(Spatial localization data)
[Start of Attachment]

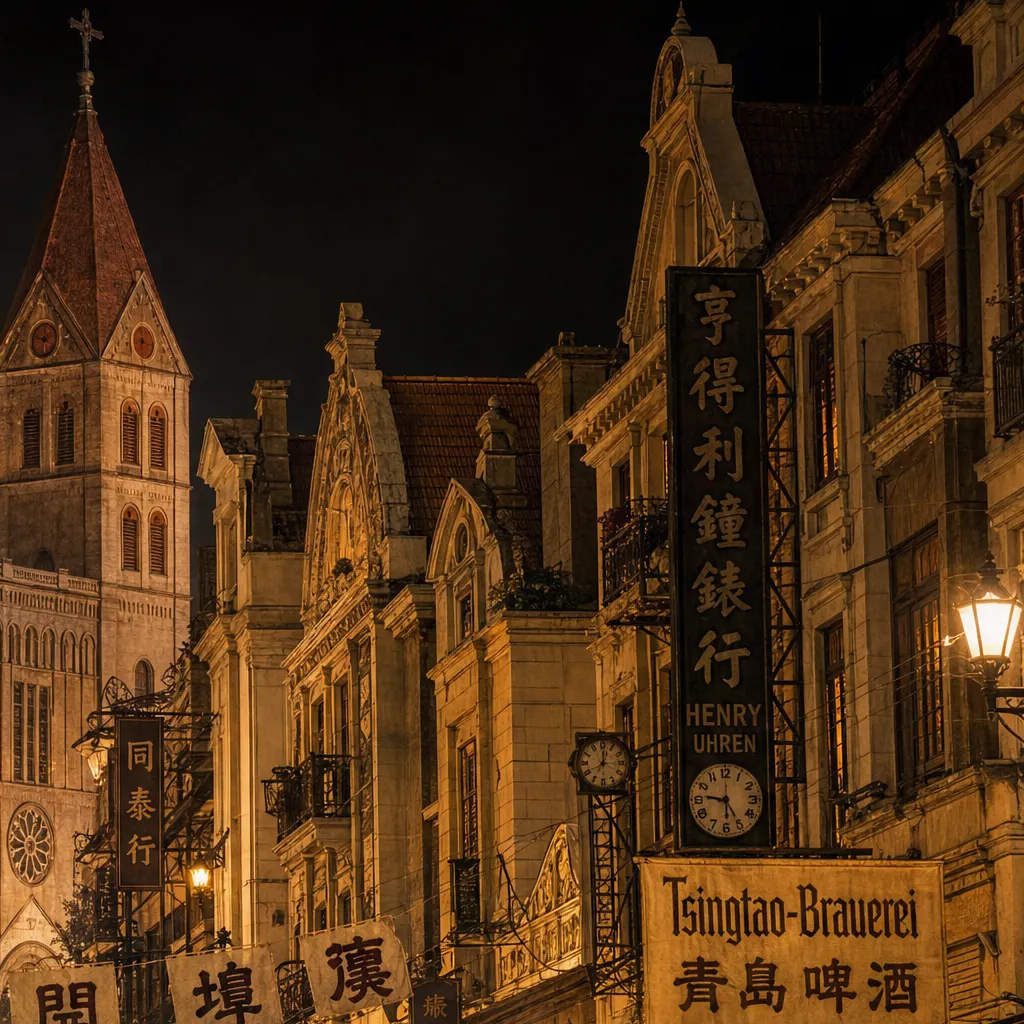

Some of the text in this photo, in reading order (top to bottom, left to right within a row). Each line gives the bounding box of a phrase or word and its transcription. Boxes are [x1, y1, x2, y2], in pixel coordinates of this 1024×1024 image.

[686, 703, 761, 726] HENRY
[693, 733, 756, 753] UHREN
[126, 740, 156, 866] 同泰行
[663, 875, 919, 946] Tsingtao-Brauerei
[673, 956, 918, 1014] 青島啤酒

[End of Attachment]

*Work task*:
Transcribe the records in full and exactly. Pictures stay out.

*Solution for this task*:
Some of the text in this photo, in reading order (top to bottom, left to right within a row). Each line gives the bounding box of a phrase or word and its transcription. Boxes are [x1, y1, x2, y2], in pixel coordinates of this 1024×1024 image.

[686, 703, 761, 726] HENRY
[693, 733, 756, 753] UHREN
[126, 740, 156, 866] 同泰行
[663, 875, 919, 946] Tsingtao-Brauerei
[673, 956, 918, 1014] 青島啤酒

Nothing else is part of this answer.